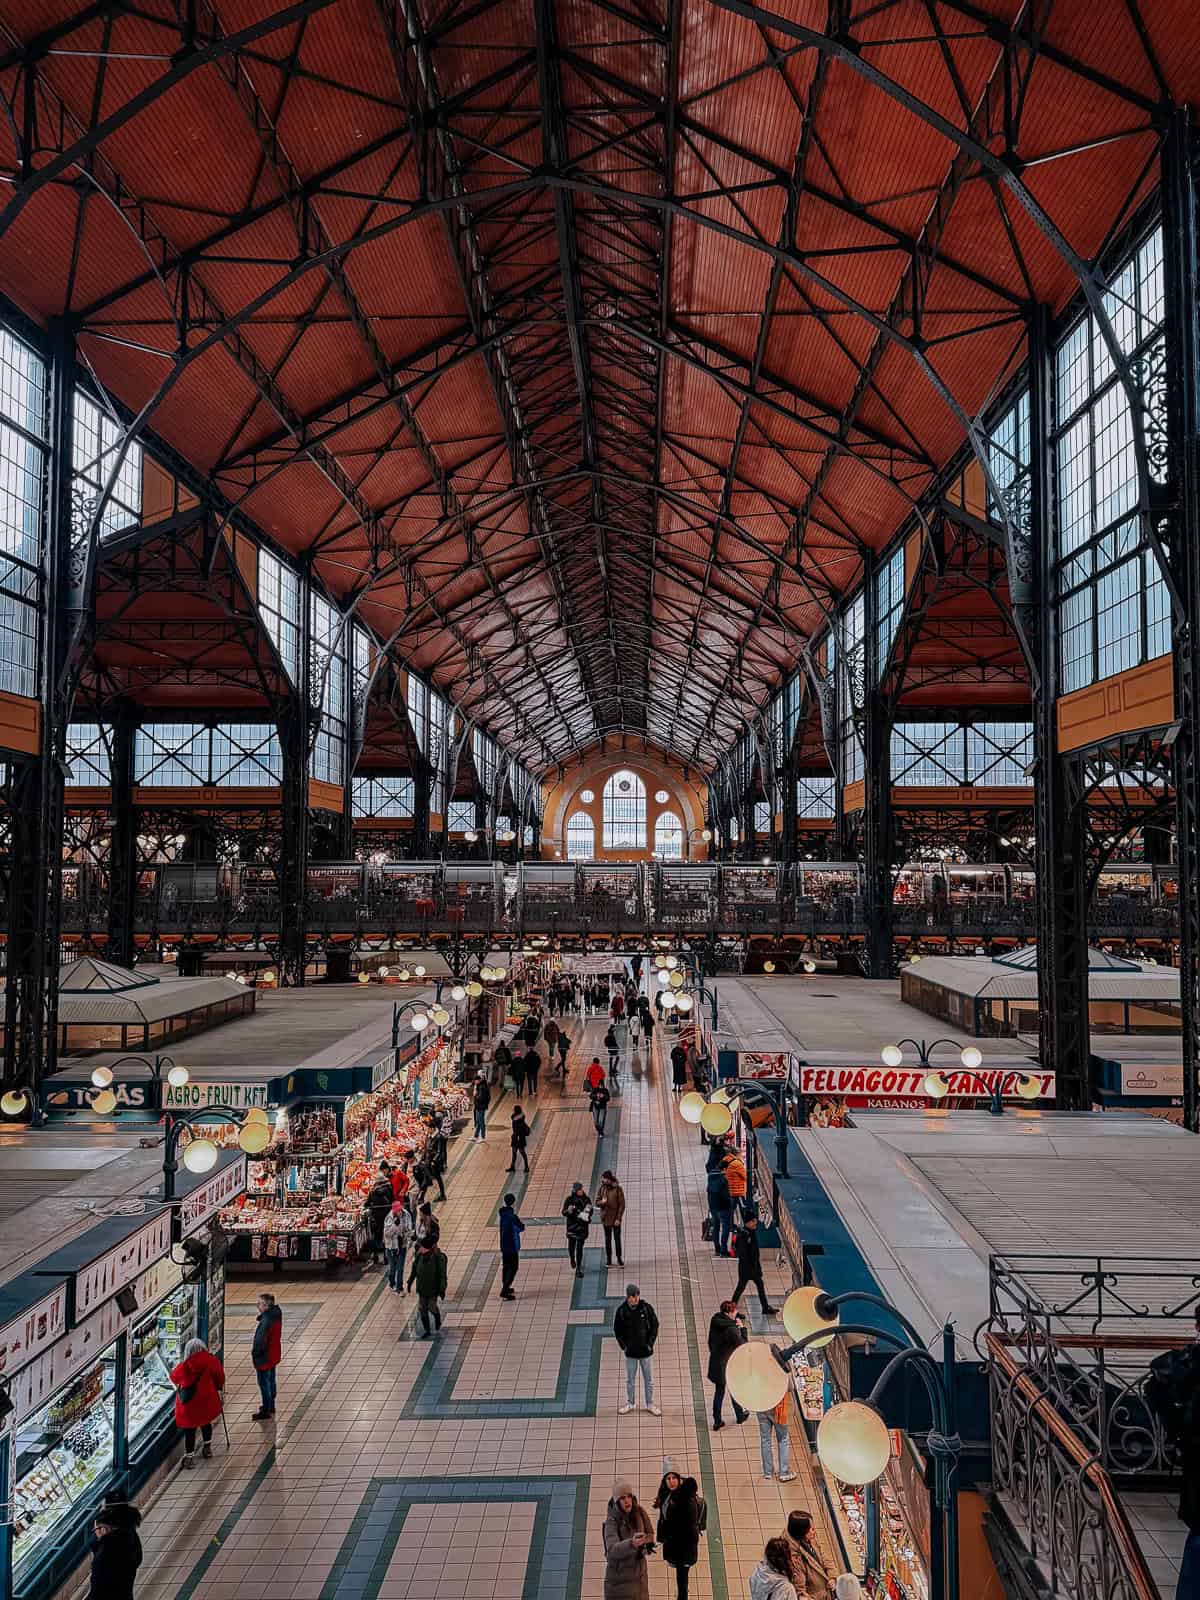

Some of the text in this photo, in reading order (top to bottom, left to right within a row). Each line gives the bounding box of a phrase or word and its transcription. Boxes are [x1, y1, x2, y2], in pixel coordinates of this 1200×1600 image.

[803, 1069, 1055, 1095] FELVÁGOTT ZAKÜZT
[72, 1083, 145, 1106] TOÁS
[166, 1085, 241, 1106] AGRO-FRUIT
[867, 1098, 926, 1109] KABANOS

########

[What is being asked]: The records above, minus their pictures, are to be returned verbatim.

[Answer to this task]:
Some of the text in this photo, in reading order (top to bottom, left to right within a row). Each line gives the bounding box of a phrase or word and its transcription. Boxes are [x1, y1, x2, y2], in pixel coordinates of this 1200×1600 image.

[803, 1069, 1055, 1095] FELVÁGOTT ZAKÜZT
[72, 1083, 145, 1106] TOÁS
[166, 1085, 241, 1106] AGRO-FRUIT
[867, 1098, 926, 1109] KABANOS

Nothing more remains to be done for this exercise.